Рассказы
Шрифт:
Переодетое счастье
Понтон покачнулся под тяжестью «ЗИСа», когда Толя Костенко въехал на мост через Иртыш. Покручивая «баранку», он задумался, кого напоминали ему глаза официантки, подававшей окрошку в излюбленной шоферами чайной - они были большие, серые и грустные.
– А! Они были точно такие же, как у Тани…

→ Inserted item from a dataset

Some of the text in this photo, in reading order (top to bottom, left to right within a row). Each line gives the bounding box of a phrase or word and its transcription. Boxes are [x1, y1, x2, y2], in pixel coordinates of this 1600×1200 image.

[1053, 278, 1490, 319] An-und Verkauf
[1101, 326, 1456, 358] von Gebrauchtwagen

Мысли его перебил сидящий рядом в кабине постоянный грузчик Толи, Кульчицкий Гриша:
— Пассажиров будем брать?
—
— Нынче строгости пошли, — снова начал примолкнувший было грузчик, — однако надо бы взять на заправку в Сосновском: у меня в кишках вроде бы ветер ходит… А вот и они! — он воскликнул, указывая на целый ряд всякого люда, с котомками и корзинами расположившегося, сидя вдоль канавы.
Все они, увидев приближавшуюся машину, вскочили и застыли с поднятыми руками.

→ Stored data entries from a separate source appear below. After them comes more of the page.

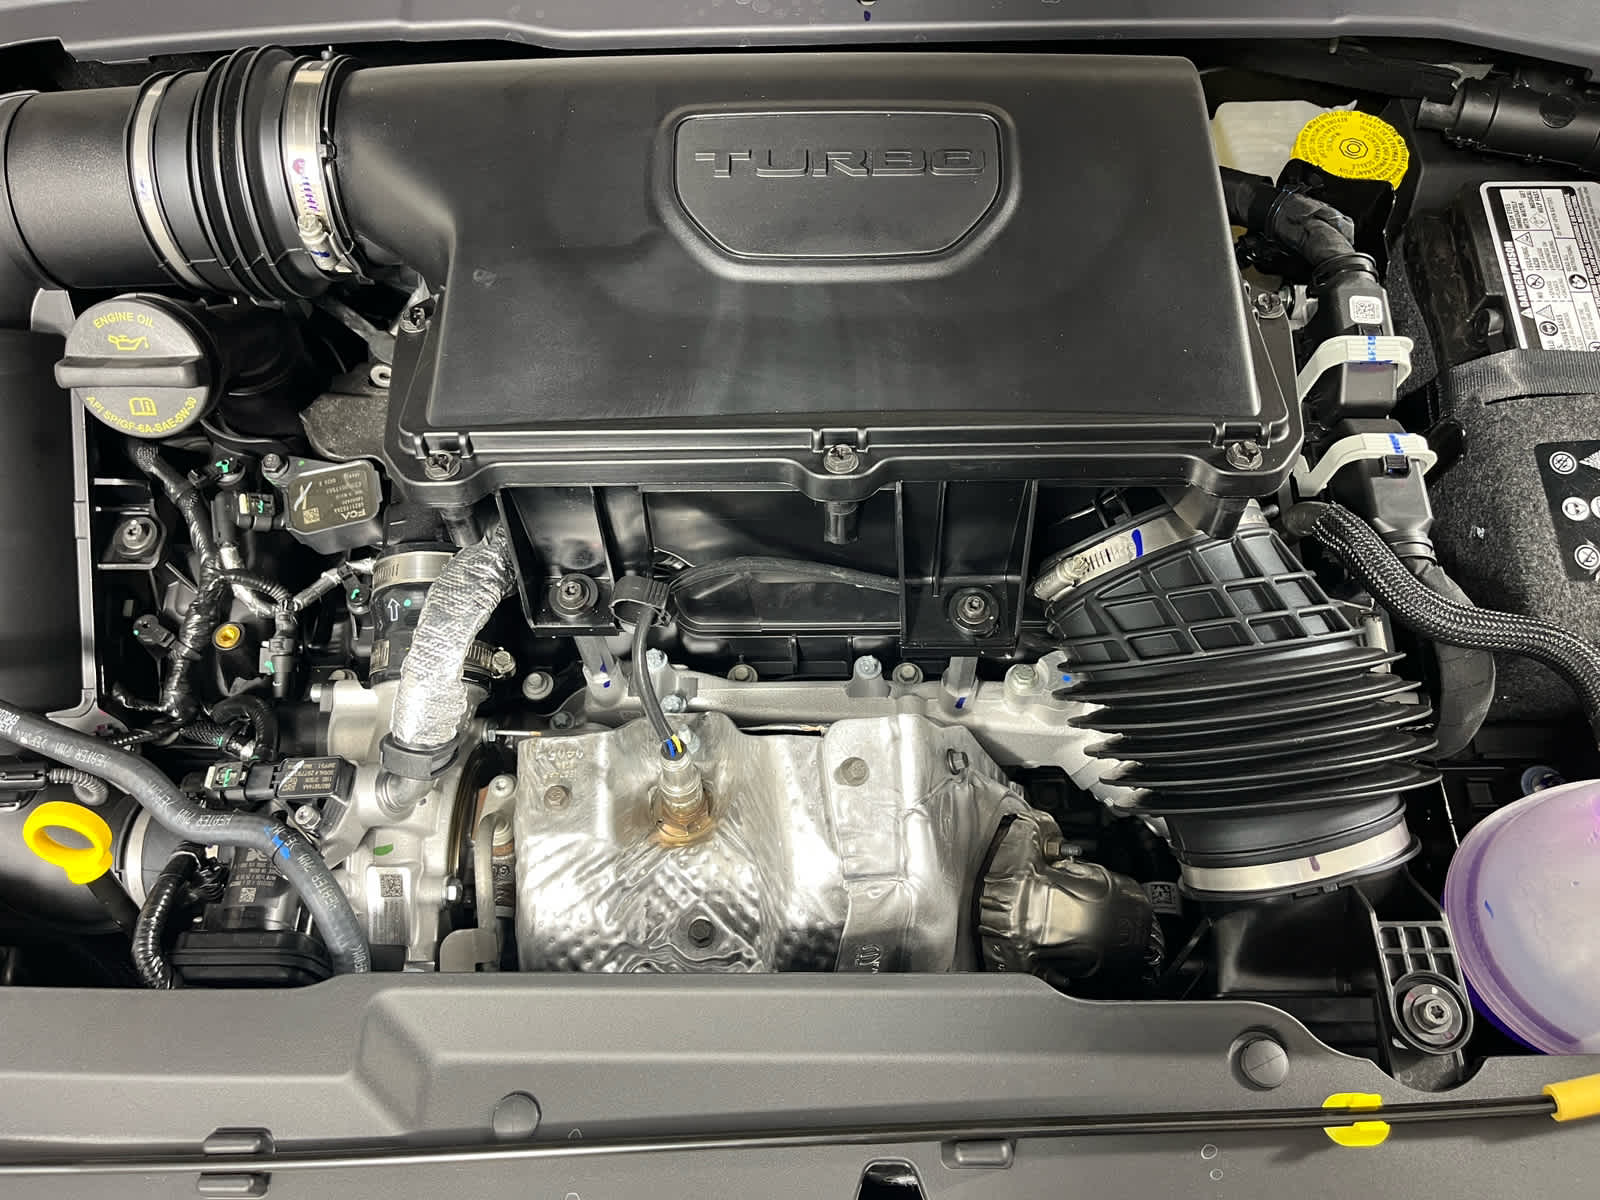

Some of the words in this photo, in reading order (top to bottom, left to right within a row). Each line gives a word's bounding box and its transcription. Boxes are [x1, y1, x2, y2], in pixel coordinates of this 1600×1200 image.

[695, 149, 985, 178] TURBO
[1503, 241, 1531, 308] DANGER/POISON
[93, 312, 134, 328] ENGINE
[137, 314, 154, 327] OIL
[87, 396, 104, 413] API
[341, 508, 366, 520] FCA

— Эх, была не была! Что с тобой поделаешь!
— Сажай их, Гриша.
Это заняло немного времени, и машина помчалась дальше.
Ровная, гладкая, без бугорка, без впадины степь. Прямая, стрелою уходящая вдаль дорога. И широка дорога сама по себе, а наезжено вдоль неё еще дорог — только несметно богатая землею, просторами страна может позволить себе такие дороги…
Едет шофер час, другой, «жмет» скорость; стрелка спидометра дрожит между полусотней и шестьюдесятью километрами в час, а все кажется, что ничто кругом не изменилось, что напрасны усилия, что пространство смеется и, отступая перед машиной, стоит невидимой стеной…

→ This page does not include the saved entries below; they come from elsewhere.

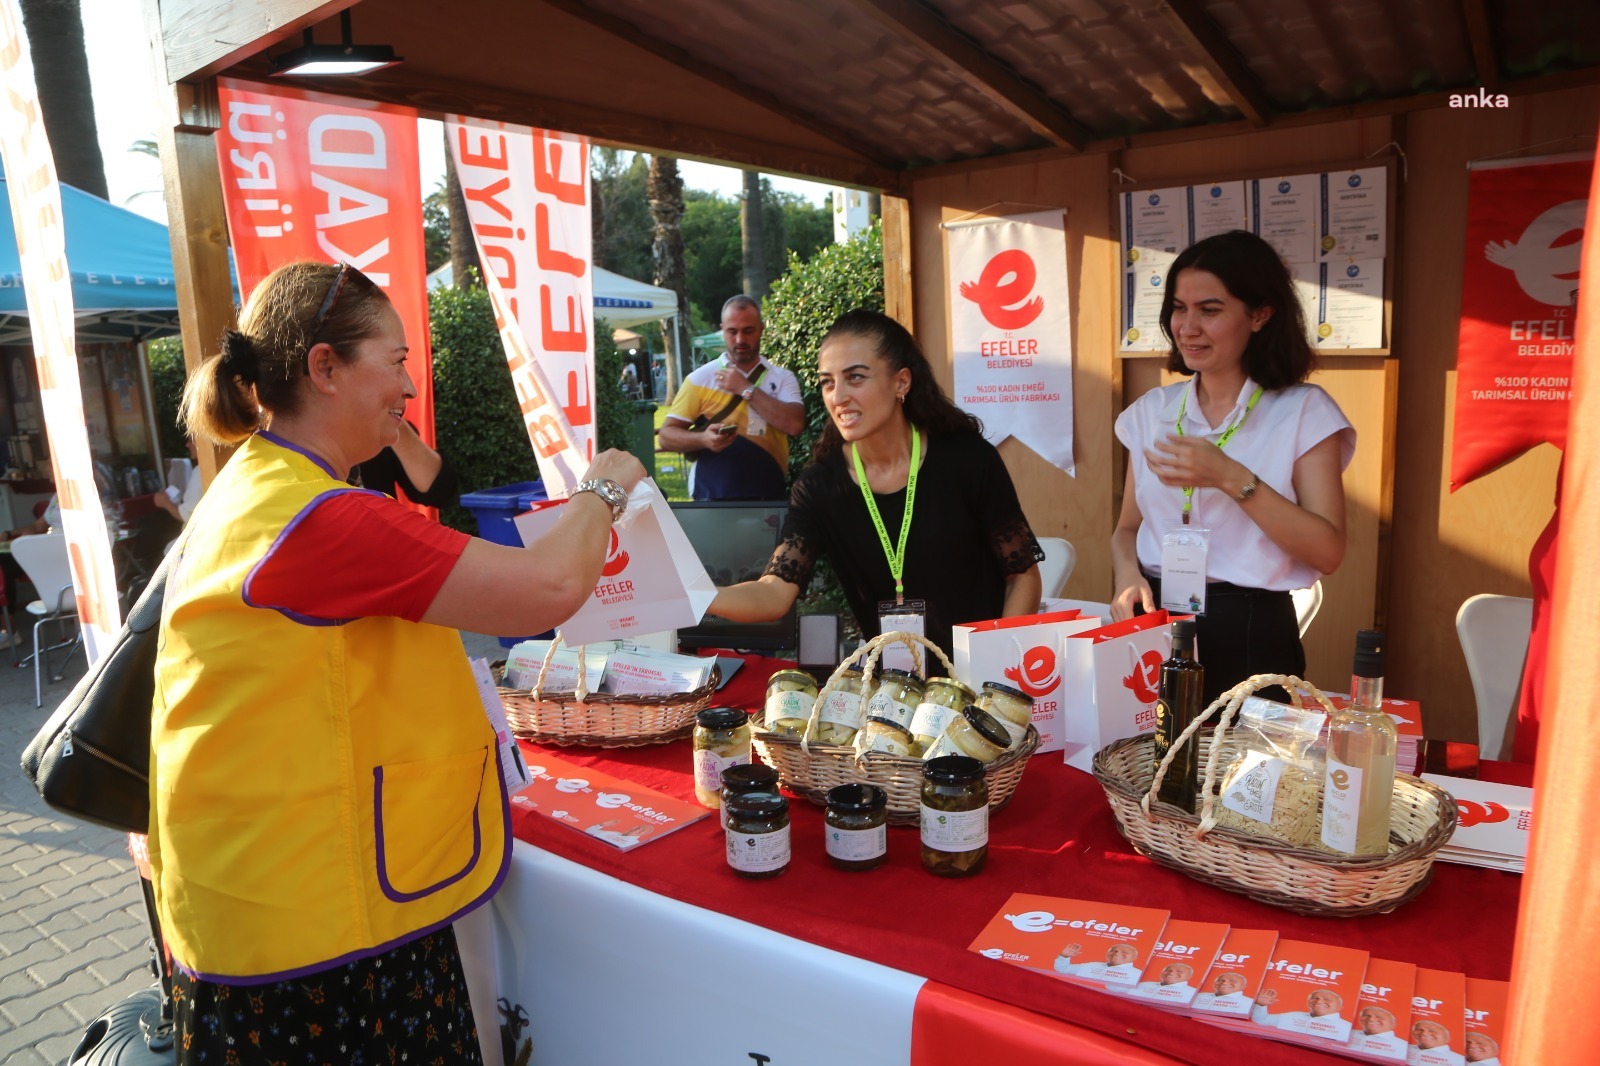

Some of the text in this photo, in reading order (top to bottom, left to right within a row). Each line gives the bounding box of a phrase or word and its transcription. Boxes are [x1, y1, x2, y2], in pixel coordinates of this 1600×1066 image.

[981, 339, 1038, 357] EFELER
[987, 357, 1033, 369] BELEDİYESİ
[976, 381, 1045, 394] %100 KADIN EMEĞİ
[1494, 376, 1568, 387] %100 KADIN
[963, 392, 1060, 405] TARIMSAL ÜRÜN FABRİKASI
[1471, 390, 1528, 400] TARIMSAL
[1530, 388, 1566, 400] ÜRÜN
[594, 579, 635, 598] EFELER

На такой дороге шофер автоматически правит рулем, а мысли витают его далеко.
Толины мысли унеслись в прошлое — в другую степь — более цветистую, где в синем мареве таяли курганы, белели низенькие хаты, где мирно и тихо, как степная река в заросших травою и камышом берегах, протекала до войны его, Толина, жизнь. И там Толя тоже «гонял машину». В жаркий летний день Толя, весь почерневший от пыли, остановился у крайней хаты небольшой деревушки и развязно, точно видавший виды «прожженный» шофер, крикнул девушке, набиравшей воду из колодца:
— Дай попить, красавица!
И когда, утолив жажду из поставленного перед ним ведра, поднял глаза на девушку, то вдруг точно испугался: серые большие, немного грустные… глаза, пепельные косы… И лицо, которого Толя не мог бы описать точно так же, как он мог не сказать, что именно ему нравится в песне…
Робко и тихо он спросил:
— А как тебя звать?
— Т-т — Таня, — запнувшись, на первом слоге и, вся покраснев, девушка подхватила ведра и быстро, без оглядки, побежала домой.
— А меня зовут Толей! — крикнул он ей вслед и, точно оглушенный, слегка пошатываясь, направился к своей машине.
С этого началось… С тех пор, если только назначение
Любовь их была хороша именно тем, что без всяких изломов и искусственных ускорений она медленно росла, разливаясь, как утренний рассвет; что оба они, со всею восприимчивостью юности, остро переживали каждую фазу этого рассвета.
Свадьба должна была состояться осенью. Но вместо ожидаемой, спокойно деловитой, с веселыми свадебными колокольцами, румяной, добродушной, щедро урожайной осени, пришла совсем другая осень: гудели в облаках гитлеровские стервятники, полыхали по ночам зарева горящих городов и сел, запрудились людом пути-дороги… Скорбь и ужас, словно два гигантских призрака, шли с запада на восток.
И Толя дрался… Не на жизнь, а на смерть. За эти самые просторы, что сейчас расстилаются перед ним, за леса и рощи, за горы и долы и сияющее завтра своей Родины, напряженно строящей счастье будущего…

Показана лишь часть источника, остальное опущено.